EXERCISE OBJECTIVE: All records are to be restated word for word, with pictures excluded.

MATERIAL FOR THIS TASK:
..............................

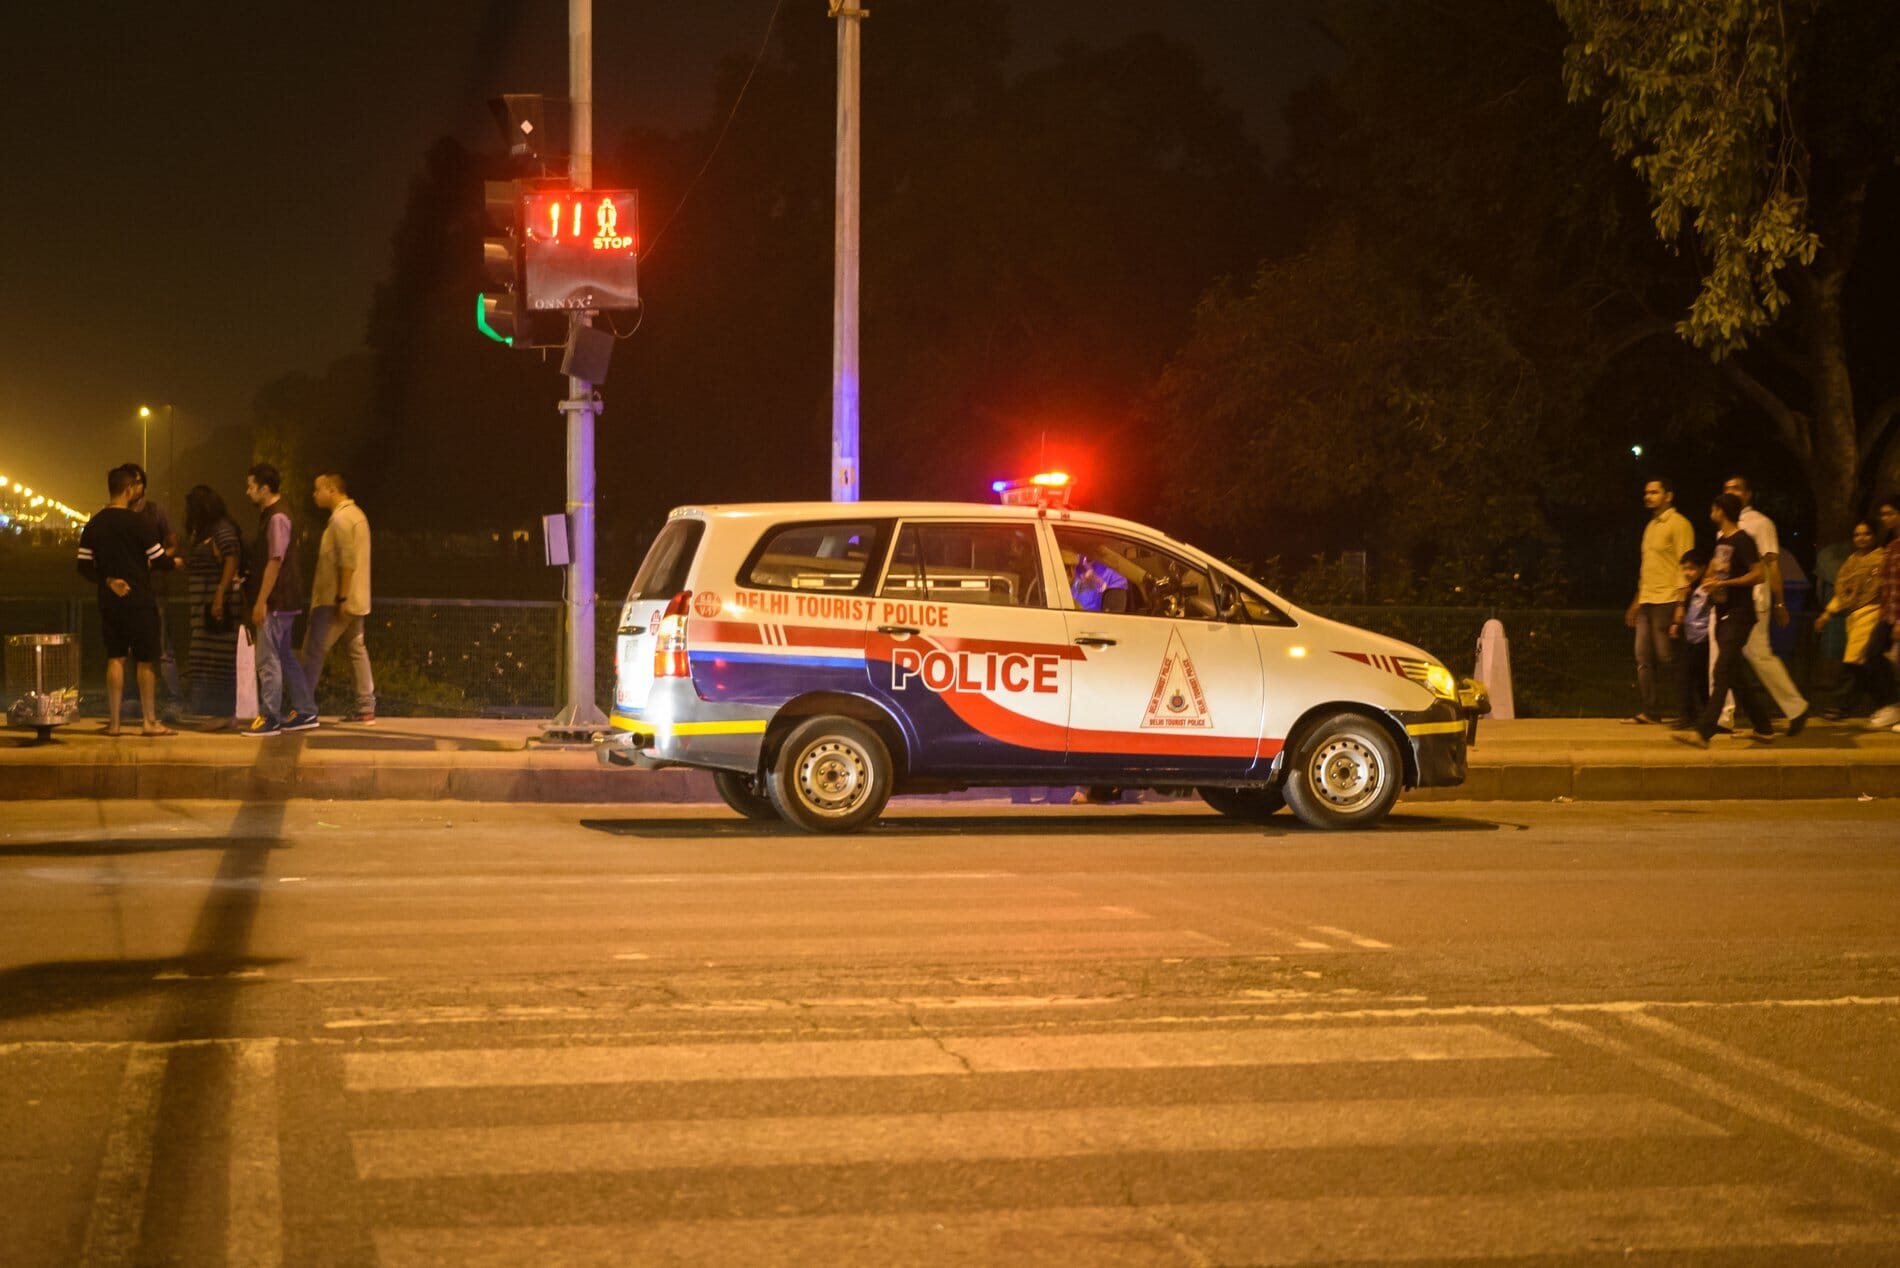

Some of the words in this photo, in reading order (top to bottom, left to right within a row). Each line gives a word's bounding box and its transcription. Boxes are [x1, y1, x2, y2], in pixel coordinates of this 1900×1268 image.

[593, 237, 633, 249] STOP
[535, 298, 586, 309] ONNYX
[735, 591, 789, 615] DELHI
[796, 595, 876, 622] TOURIST
[883, 602, 949, 627] POLICE
[892, 648, 1061, 694] POLICE

..............................

ANSWER FOR THE TASK:
Some of the words in this photo, in reading order (top to bottom, left to right within a row). Each line gives a word's bounding box and its transcription. Boxes are [x1, y1, x2, y2], in pixel coordinates of this 1900×1268 image.

[593, 237, 633, 249] STOP
[535, 298, 586, 309] ONNYX
[735, 591, 789, 615] DELHI
[796, 595, 876, 622] TOURIST
[883, 602, 949, 627] POLICE
[892, 648, 1061, 694] POLICE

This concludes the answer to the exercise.